Statistical methods for healthcare regulation: rating, screening and surveillance

Here is my discussion of a recent article by David Spiegelhalter, Christopher
Sherlaw-Johnson, Martin Bardsley, Ian Blunt, Christopher Wood and Olivia Grigg, that is scheduled to appear in the Journal of the Royal Statistical Society:

I applaud the authors’ use of a mix of statistical methods to attack an important real-world problem. Policymakers need results right away, and I admire the authors’ ability and willingness to combine several different modeling and significance testing ideas for the purposes of rating and surveillance.

That said, I am uncomfortable with the statistical ideas here, for three reasons. First, I feel that the proposed methods, centered as they are around data manipulation and corrections for uncertainty, has serious defects compared to a more model-based approach. My problem with methods based on p-values and z-scores–however they happen to be adjusted–is that they draw discussion toward error rates, sequential analysis, and other technical statistical concepts. In contrast, a model-based approach draws discussion toward the model and, from there, the process being modeled. I understand the appeal of p-value adjustments–lots of quantitatively-trained people know about p-values–but I’d much rather draw the statistics toward the data rather than the other way around. Once you have to bring out the funnel plot, this is to me a sign of (partial) failure, that you’re talking about properties of a statistical summary rather than about the underlying process that generates the observed data.

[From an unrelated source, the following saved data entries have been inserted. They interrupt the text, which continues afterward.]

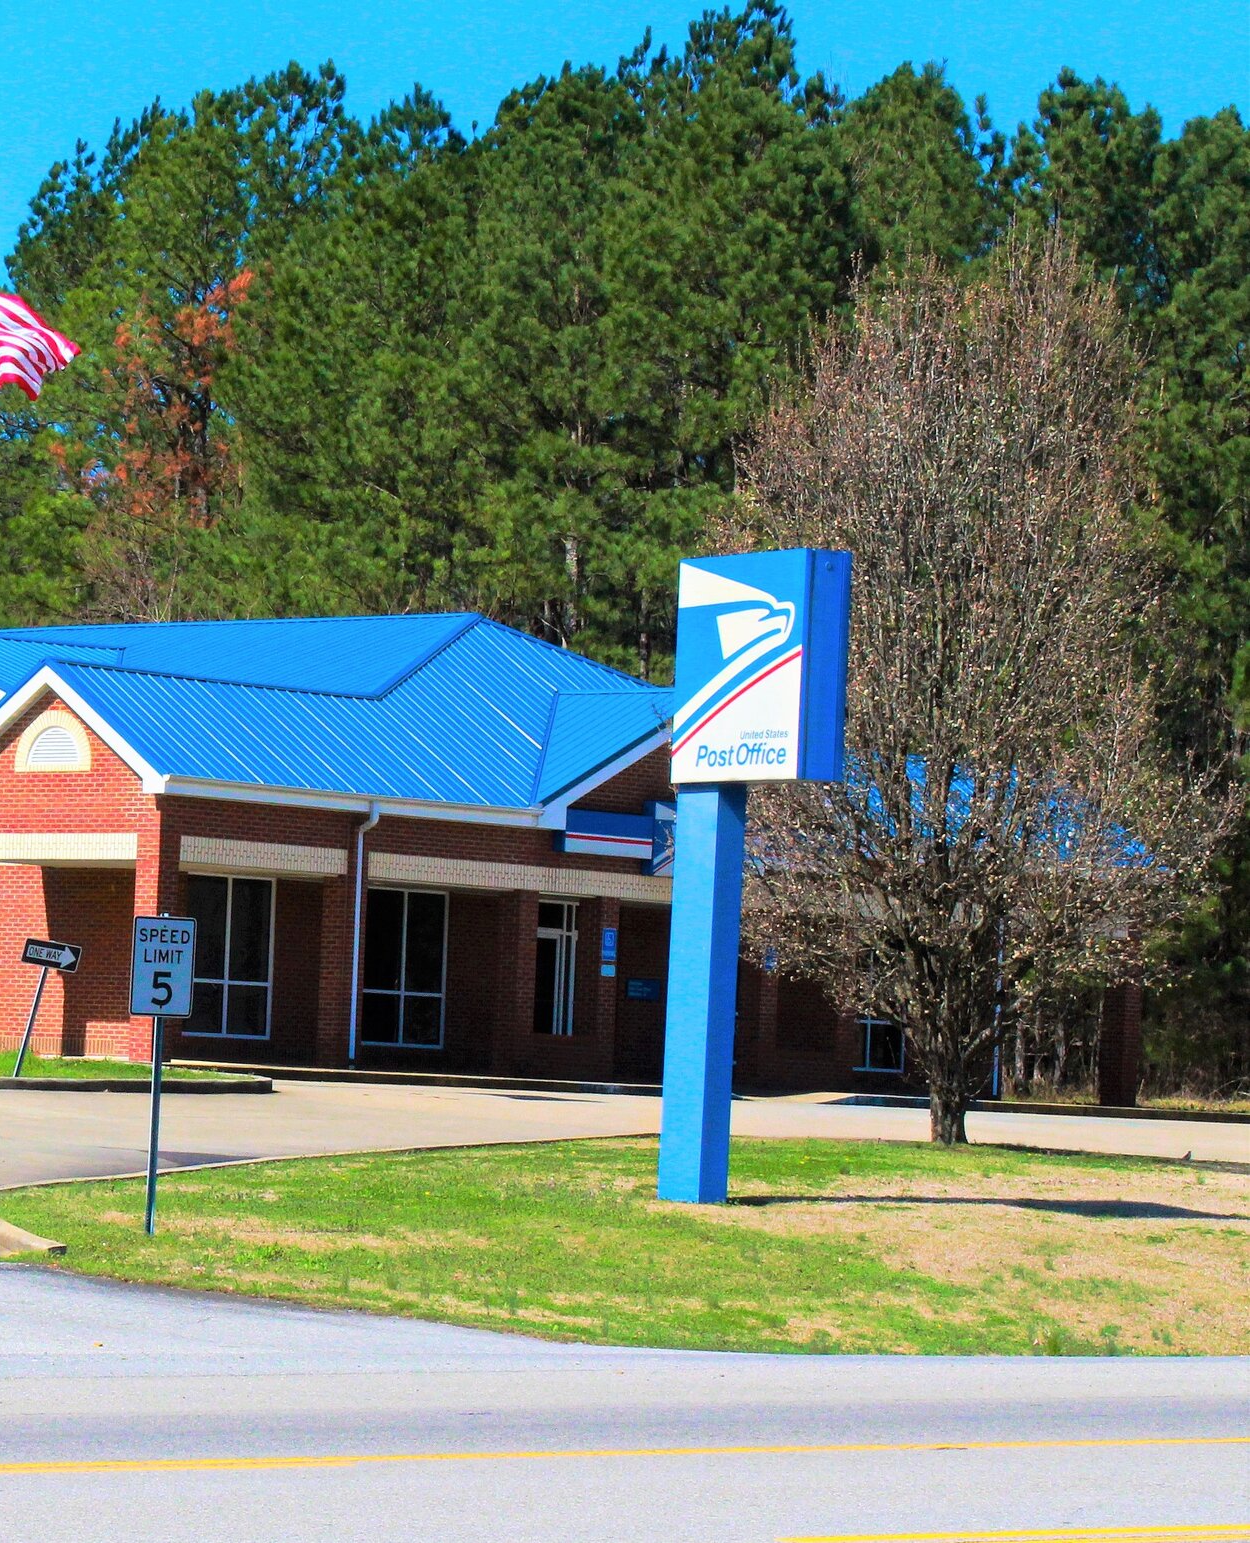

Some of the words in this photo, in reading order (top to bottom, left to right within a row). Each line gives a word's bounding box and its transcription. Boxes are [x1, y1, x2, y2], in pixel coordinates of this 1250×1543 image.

[740, 730, 764, 740] United
[764, 729, 789, 739] States
[695, 744, 734, 768] Post
[736, 742, 787, 766] Office
[139, 928, 190, 944] SPEED
[28, 946, 44, 958] ONE
[45, 949, 63, 961] WAY
[144, 949, 184, 964] LIMIT
[151, 971, 173, 1006] 5
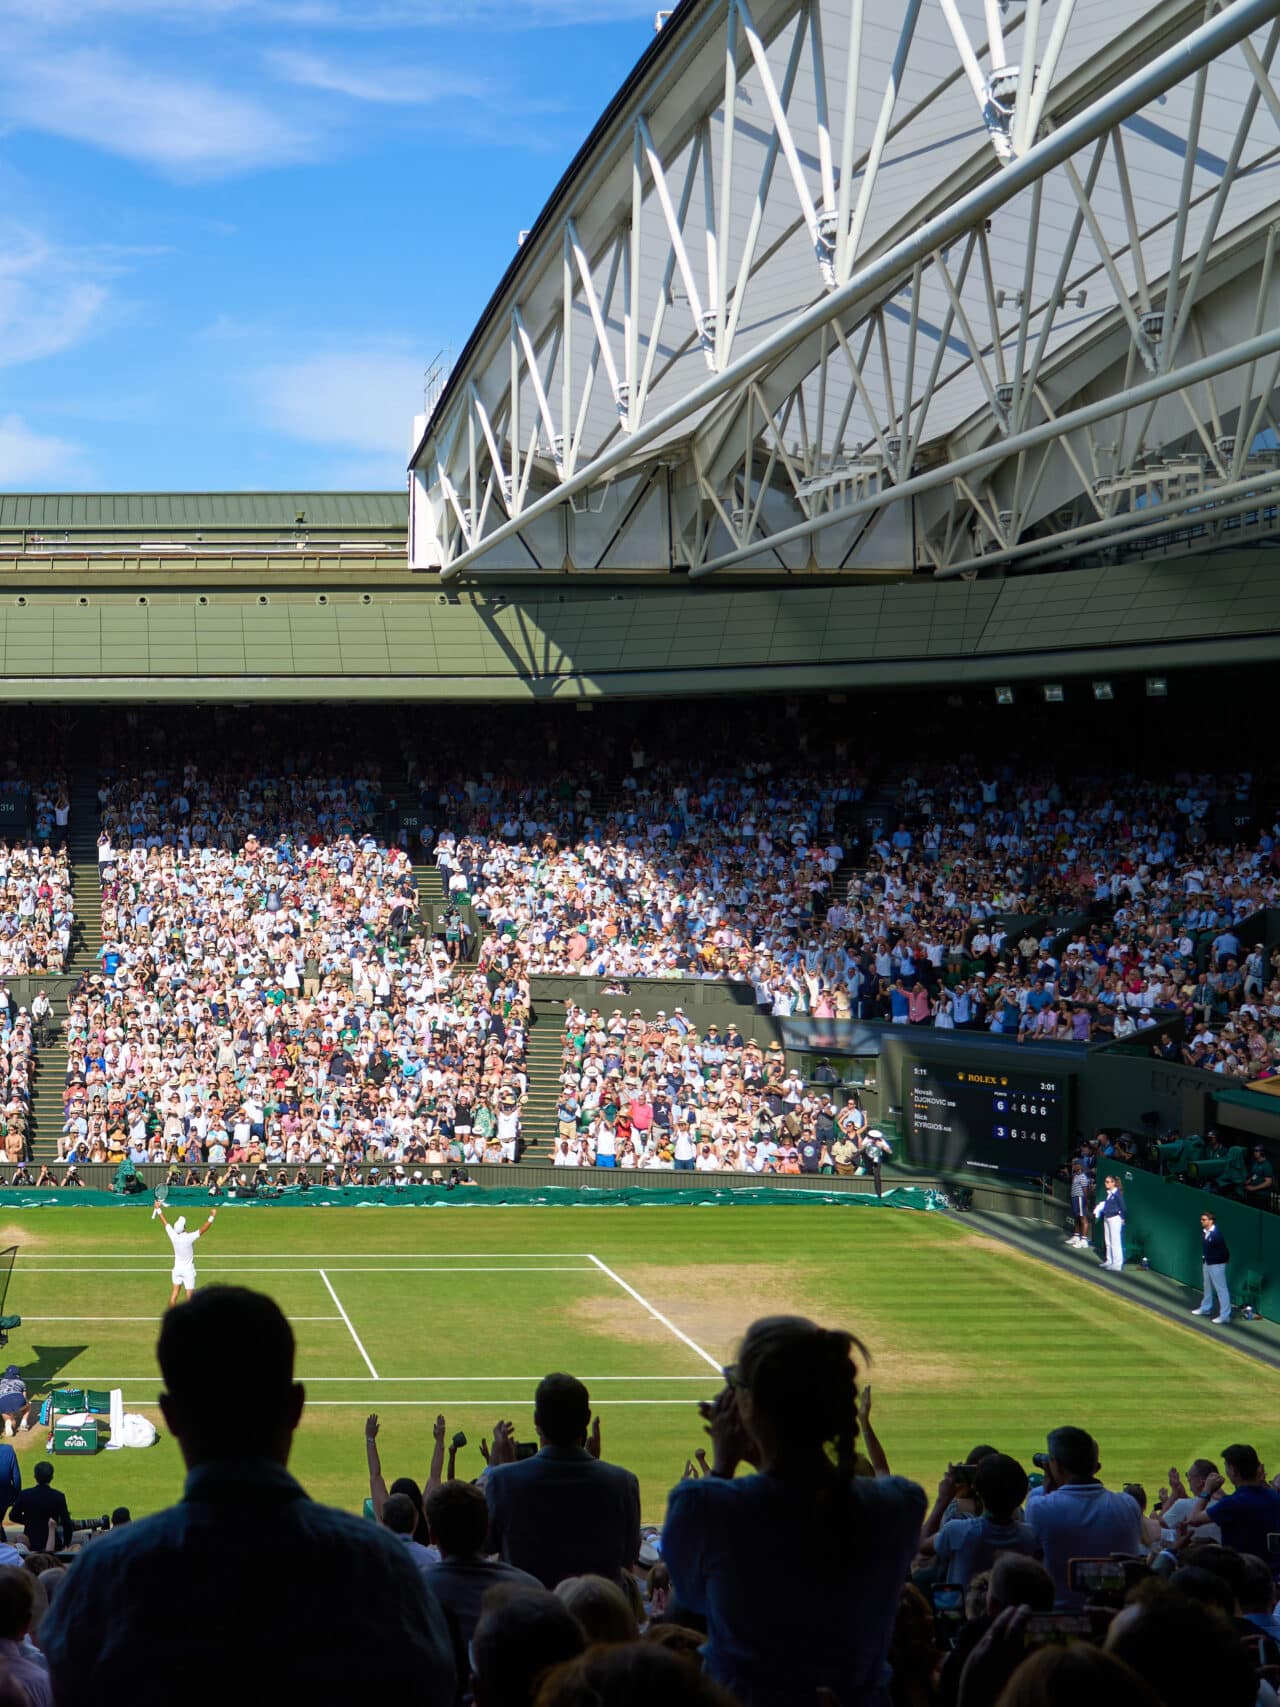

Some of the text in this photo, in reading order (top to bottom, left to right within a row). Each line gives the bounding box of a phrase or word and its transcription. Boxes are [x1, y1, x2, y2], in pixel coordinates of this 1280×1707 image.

[0, 803, 15, 812] 314
[403, 817, 418, 826] 315
[968, 1073, 997, 1084] ROLEX
[1040, 1082, 1055, 1091] 3:01
[914, 1087, 933, 1096] Novak
[914, 1095, 946, 1106] DJOKOVIC
[997, 1101, 1047, 1116] 6 4 6 6 6
[914, 1121, 942, 1131] KYRGIOS
[997, 1127, 1047, 1142] 3 6 3 4 6
[64, 1439, 87, 1447] evian
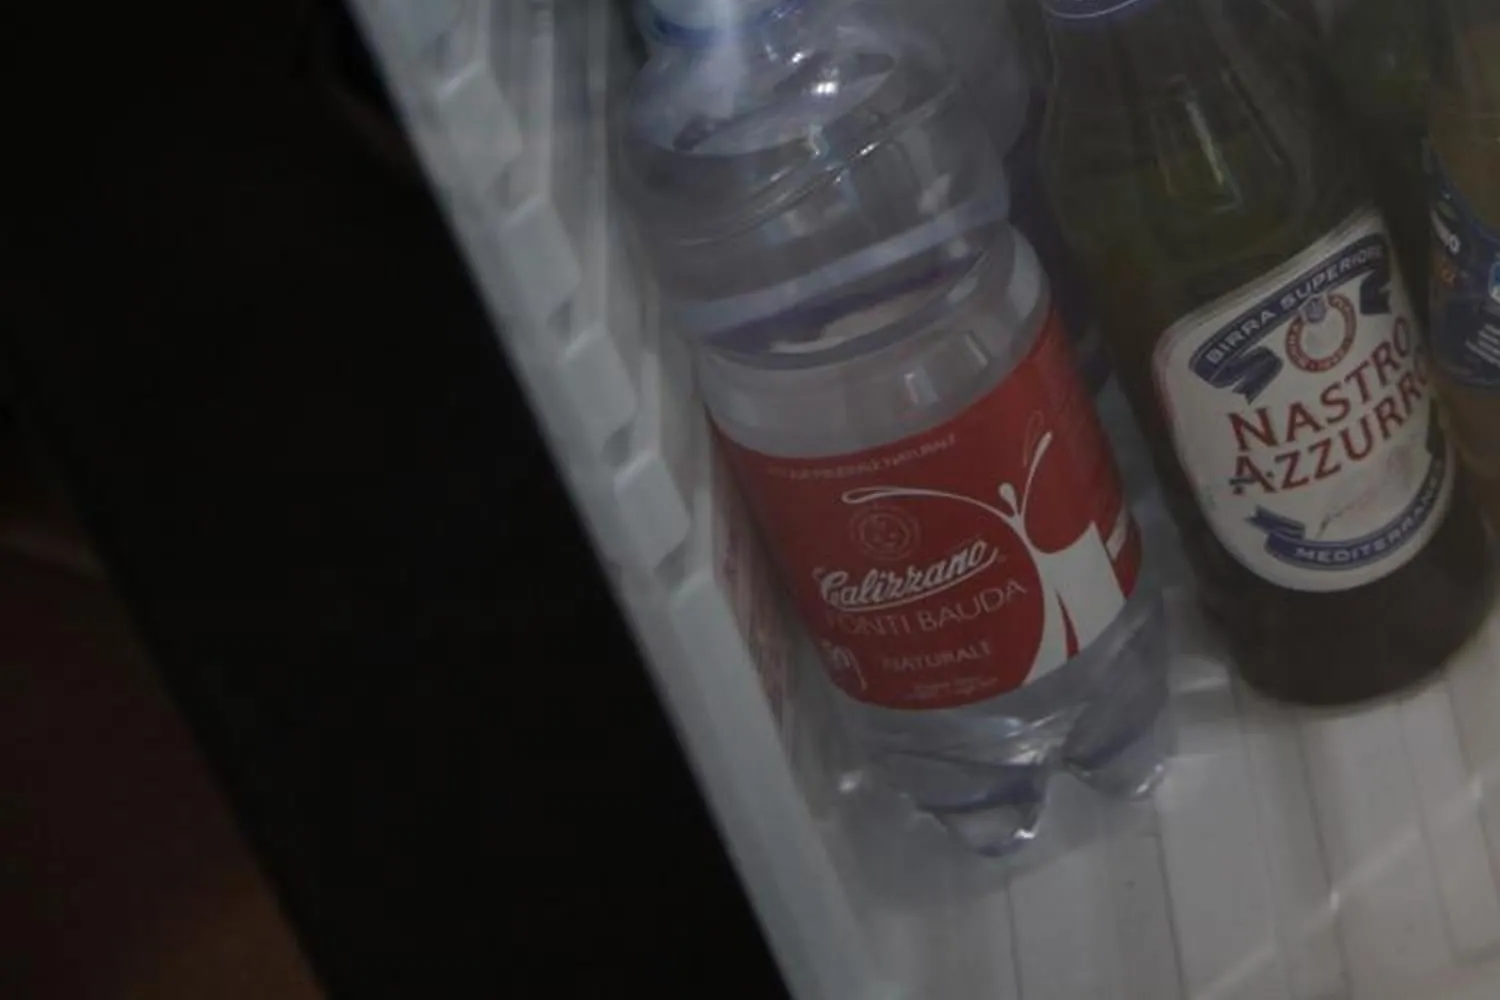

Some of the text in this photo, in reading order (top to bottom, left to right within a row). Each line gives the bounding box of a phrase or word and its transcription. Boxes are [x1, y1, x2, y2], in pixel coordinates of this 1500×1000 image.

[1205, 308, 1278, 367] BIRRA
[1279, 243, 1386, 309] SUPERIORE
[1227, 316, 1412, 453] NASTRO
[917, 578, 1030, 634] BAUDA
[881, 640, 993, 673] NATURALE
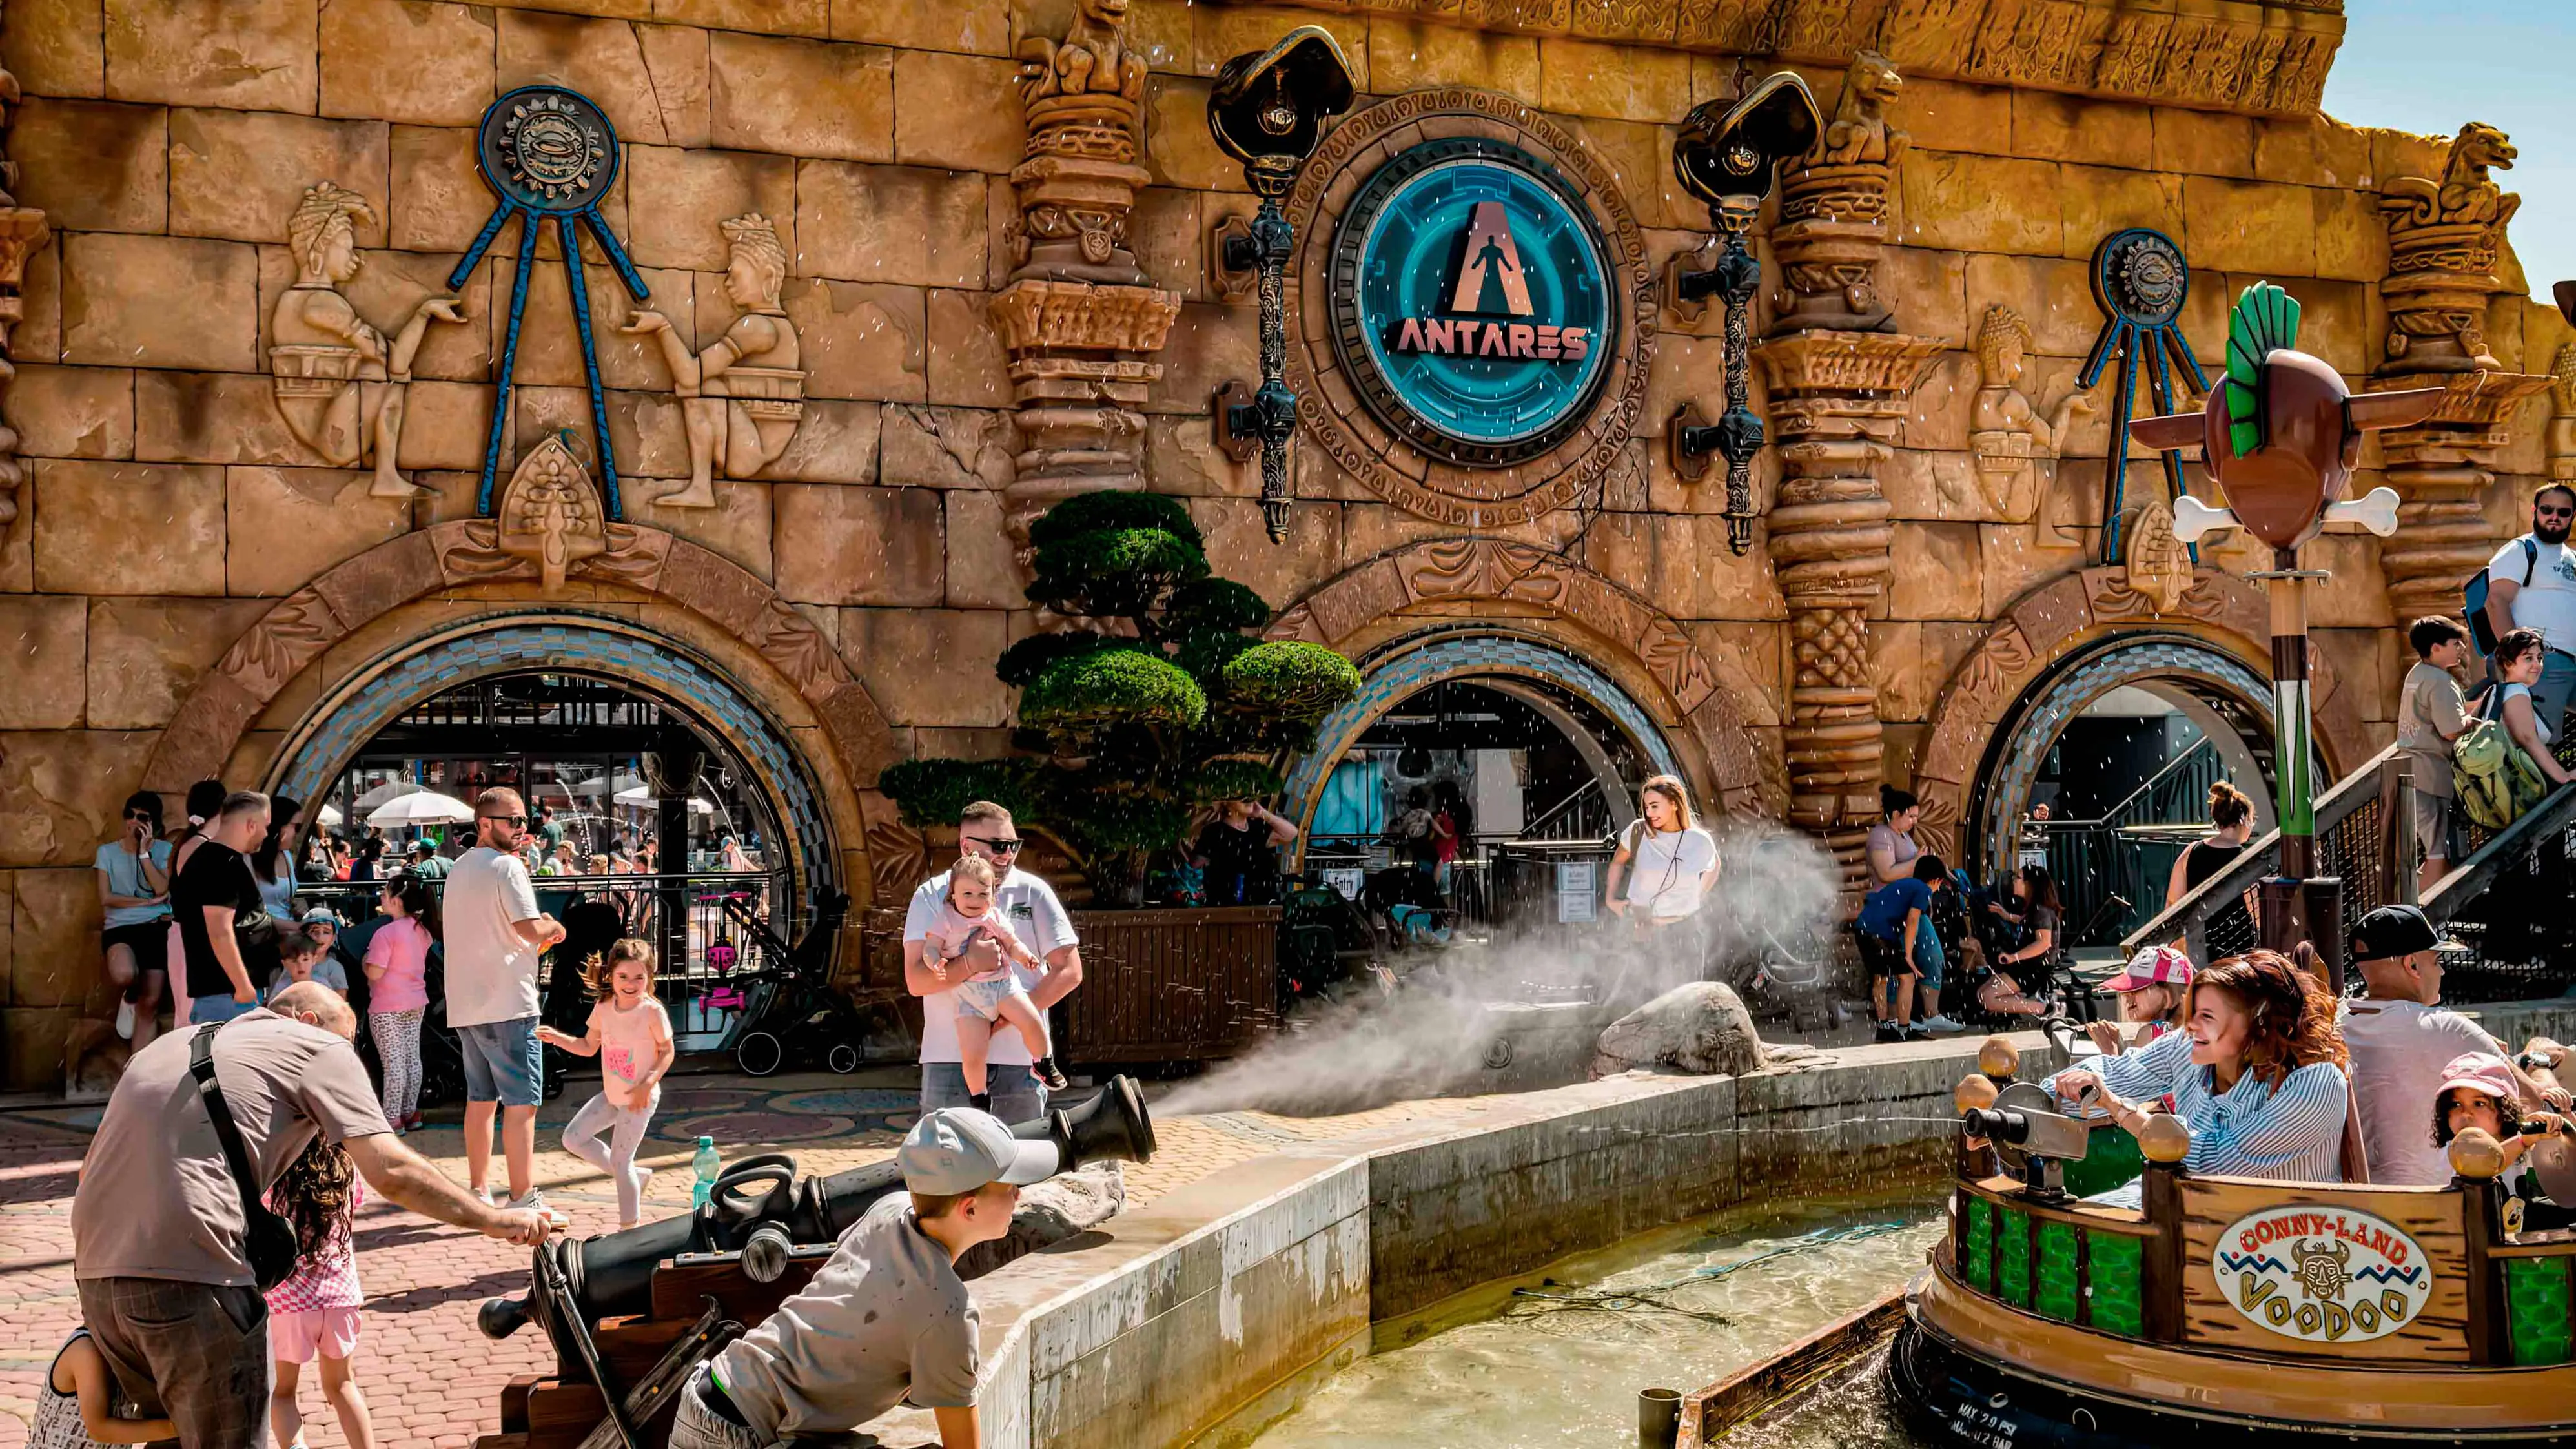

My second difficulty is closely related: to me, the mapping seems tenuous from statistical significance to the ultimate healthcare and financial goals. I’d prefer a more direct decision-theoretic approach that focuses on practical significance.

That said, the authors of the article under discussion are doing the work and I’m not. I’m sure they have good reasons for using what I consider to be inferior methods, and I believe that one of the points of this discussion is to give them a chance to give this explanation.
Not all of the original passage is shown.